“Admit it,” he said, “that’s not the only thing you’re worried about. You’re concerned I won’t follow the rules. I promise I won’t shame you. I will use my best manners.”
“That hardly reassures me.”
“Fortunately, you will be able to keep me in line.”
“I beg your pardon?”
“Aren’t you accompanying me and Rosy for the presentation? She said you were.”
“I can’t. I’m unmarried.”
“So is she.”
She folded her hands over her waist. “I’m not being presented to the queen. After a woman is presented, she goes to no drawing rooms at St. James’s Palace until she marries. But you needn’t worry. Eliza, the only one of us three who can sponsor Rosy, will make sure everything goes well. Your mother would normally be the one to do it, but she cannot because it must be someone who has already been presented to the queen, and your mother says she never even came to London after your parents met in Newcastle.”
“That seems damn—very complicated. If you’re not sponsoring Rosy, why did she say you were going with us?”
Diana had been waiting to tell him, hoping to find the right moment. Now, right or wrong, the moment was here. “Rosy got me to agree to at least riding in the first carriage with her and waiting until you both come out of the palace. I think she’s hoping for some last-minute wisdom to give her courage. Either that or she considers me a sort of magical talisman to give her good luck.”
“Or she has begun to rely on your counsel of late, so she wants you there for as much of it as can be managed.”
“Why Eliza isn’t good enough for that, I don’t know,” Diana said. “You’ll have to ask your sister.”
He arched a brow. “So you’ll be accompanying Mrs. Pierce, me, and Rosy in a few short hours?”
“Yes. Well, not entirely, since there are two carriages, and you and my sister will be in the other one.” Her stomach knotted up. “And I know what you’re thinking.”
“Do you? Pray do enlighten me, then.”
“You’re thinking I planned this for my own purposes.”
He gave her a blank look. “What purposes would those be?”
She swallowed hard. If he hadn’t already thought she might be scheming to be around him, she certainly wasn’t going to make him think it. “You tell me.”
“I haven’t a clue.
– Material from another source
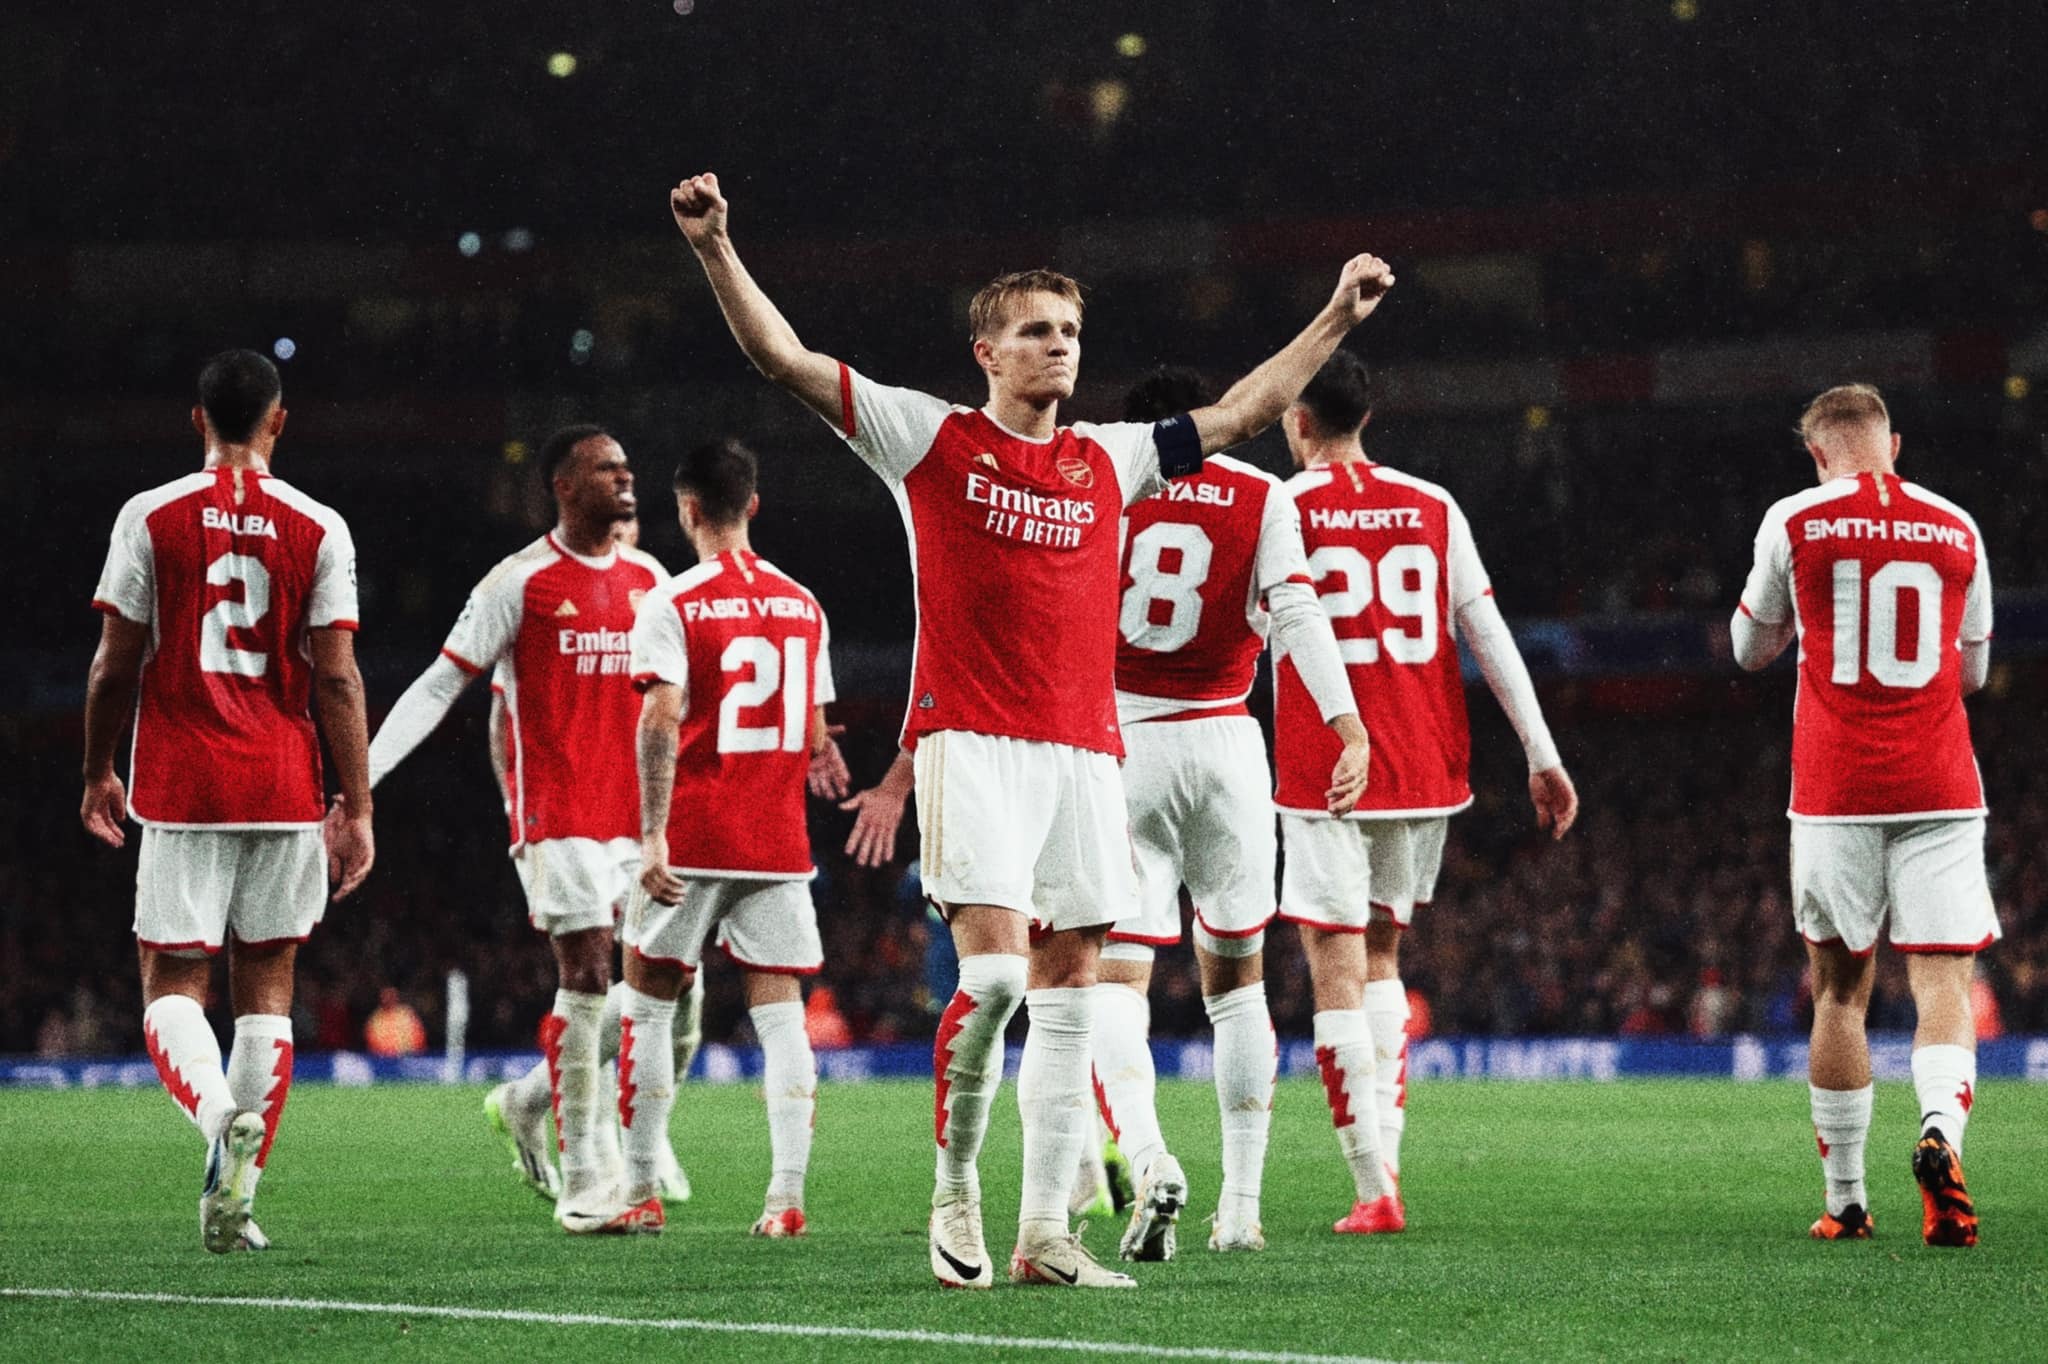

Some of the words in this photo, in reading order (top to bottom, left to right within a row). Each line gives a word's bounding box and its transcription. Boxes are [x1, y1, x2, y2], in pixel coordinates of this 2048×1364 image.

I’m merely surprised you’re willing to sit in a carriage for what could be hours waiting for us.”
He should be surprised that a lady with Eliza’s family situation was accepted as a sponsor. Diana certainly was. Because one of the requirements was fairly specific: No member of a family touched by scandal is received at court.
Diana could only assume that the no-scandal rule didn’t apply to sponsors. How else had Eliza been accepted? Or perhaps it wasn’t her they were accepting but Lady Rosabel, sister to a newly minted duke. Perhaps they were purposely overlooking Eliza’s family scandal.
Then another thought occurred to Diana. “Rosy may be hoping to have an ally if something goes wrong and she has to make a quick escape.”
“If that happened,” he drawled, “would you help her?”
“It depends on why she wants to escape. And how far she got into the presentation.” She drew a deep breath. “I would probably urge her to go back. Verity . . . had a bit of a mishap at her own début. Ever since, she has steadfastly refused to attend the Queen’s Drawing Room again, and I would hate to see Rosy have any such permanent reaction to it.”
His eyes narrowed on her. “What sort of mishap?”
“It wasn’t Verity’s fault, I swear.” She pulled him farther down the hall from Rosy’s bedchamber. “And you cannot tell Rosy or she’ll be terribly self-conscious about it, and then it could happen to her, too. The mind can act against us sometimes.”
“What could happen to her, too, for God’s sake?”
“The ladies have to curtsy very low to the queen. Queen Charlotte either kisses their foreheads, if they’re children of peers, or she gives them her hand to kiss, for everybody else. Then they have to back out of the presentation room without tripping over their trains.”
“I take it that Verity tripped?”
Diana winced. “Actually, it was worse. She sneezed just as Her Majesty bent to kiss her forehead.”